## Collected data
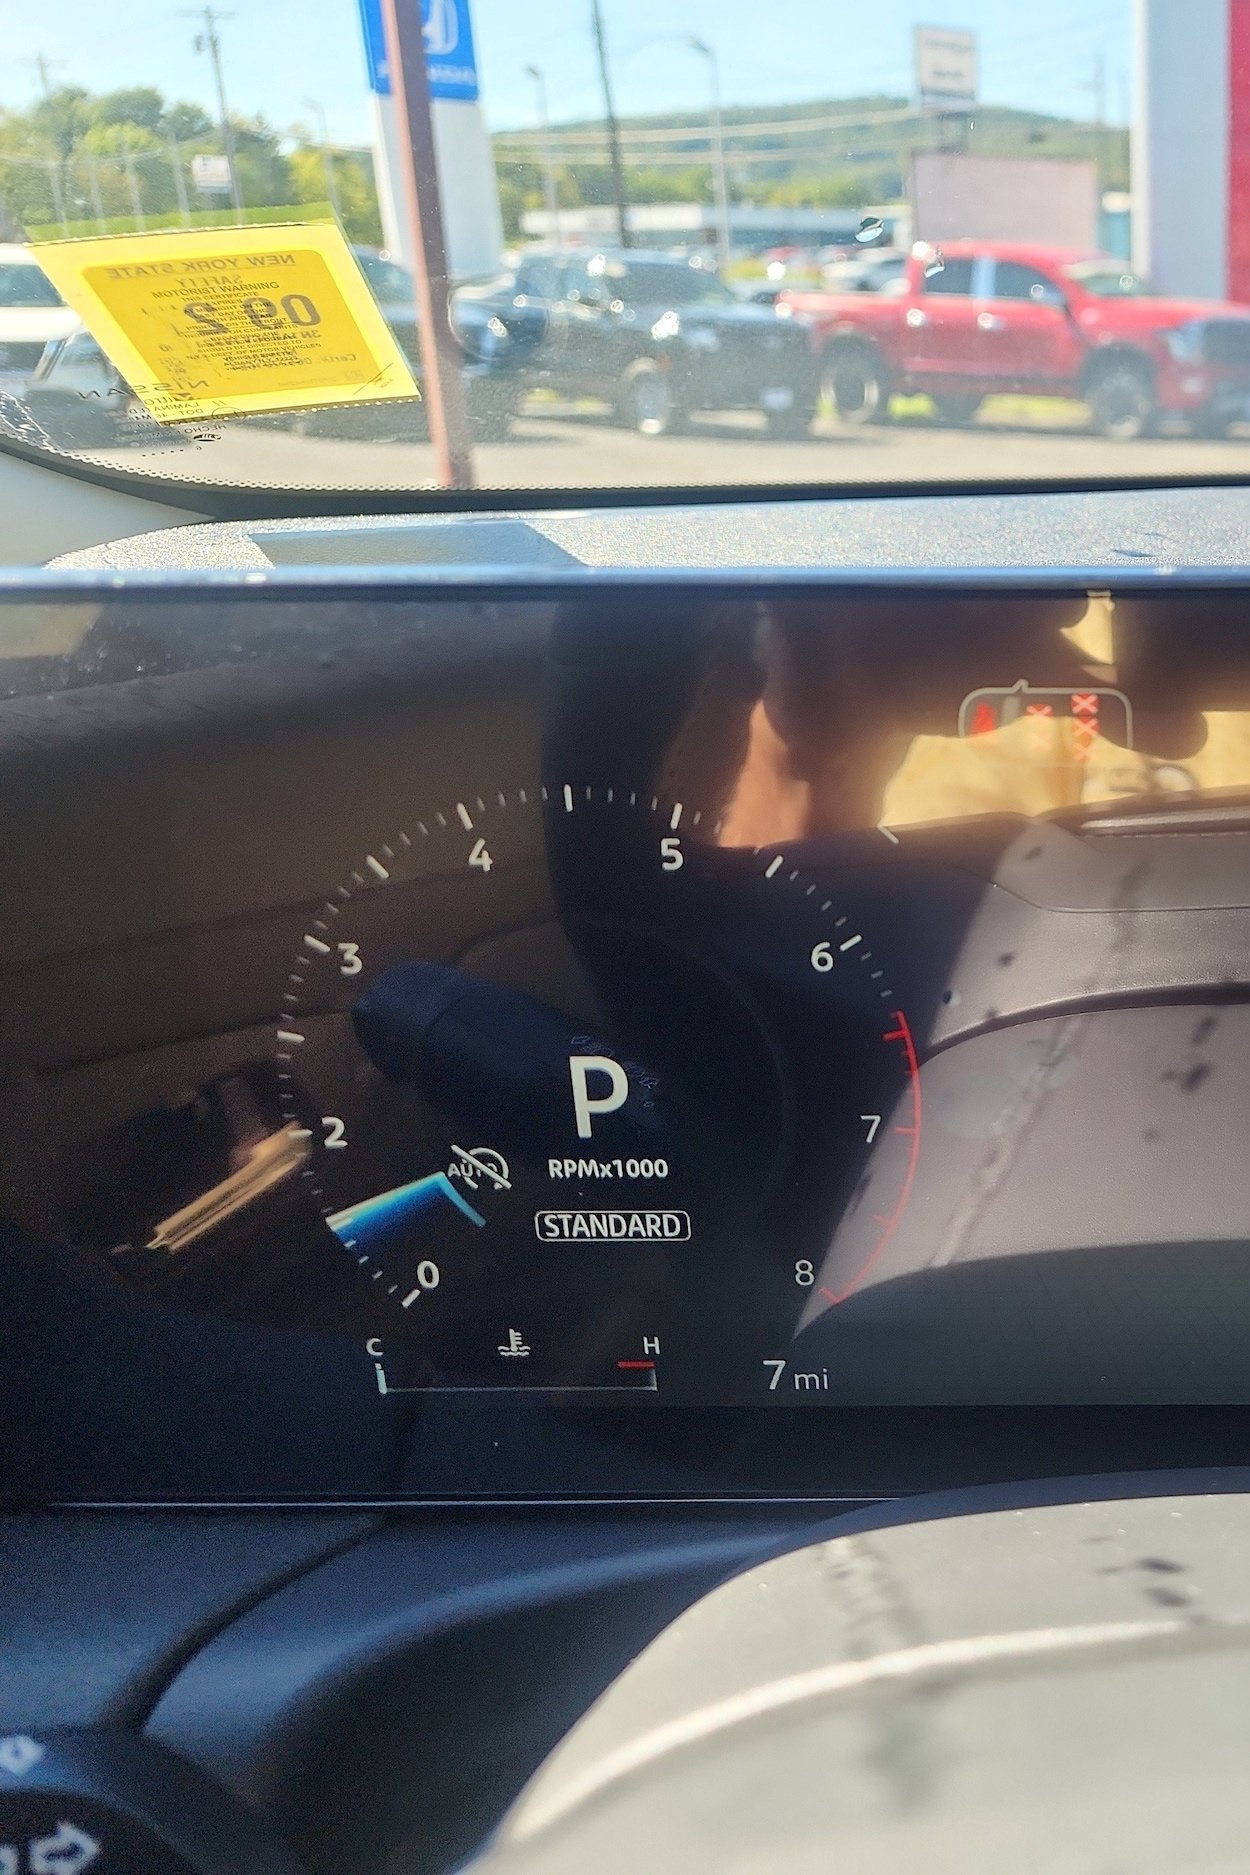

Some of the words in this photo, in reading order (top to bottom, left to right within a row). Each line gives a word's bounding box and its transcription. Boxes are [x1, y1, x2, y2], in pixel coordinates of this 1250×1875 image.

[151, 286, 218, 299] MOTORIST
[220, 281, 280, 293] WARNING
[468, 838, 493, 872] 4
[660, 838, 684, 871] 5
[337, 942, 363, 976] 3
[810, 941, 834, 973] 6
[569, 1055, 629, 1139] P
[321, 1116, 348, 1149] 2
[860, 1114, 882, 1144] 7
[447, 1162, 499, 1178] AUO
[547, 1158, 669, 1181] RPMx1000
[544, 1212, 682, 1239] STANDARD
[417, 1260, 441, 1290] 0
[794, 1259, 816, 1286] 8
[365, 1337, 384, 1357] C
[643, 1336, 661, 1355] H
[762, 1359, 787, 1390] 7
[794, 1367, 829, 1390] mi

## Work item
Return the entries unchanged, save for the pictures, which do not belong in the copy.

## Reply
Some of the words in this photo, in reading order (top to bottom, left to right within a row). Each line gives a word's bounding box and its transcription. Boxes are [x1, y1, x2, y2], in pixel coordinates of this 1250×1875 image.

[151, 286, 218, 299] MOTORIST
[220, 281, 280, 293] WARNING
[468, 838, 493, 872] 4
[660, 838, 684, 871] 5
[337, 942, 363, 976] 3
[810, 941, 834, 973] 6
[569, 1055, 629, 1139] P
[321, 1116, 348, 1149] 2
[860, 1114, 882, 1144] 7
[447, 1162, 499, 1178] AUO
[547, 1158, 669, 1181] RPMx1000
[544, 1212, 682, 1239] STANDARD
[417, 1260, 441, 1290] 0
[794, 1259, 816, 1286] 8
[365, 1337, 384, 1357] C
[643, 1336, 661, 1355] H
[762, 1359, 787, 1390] 7
[794, 1367, 829, 1390] mi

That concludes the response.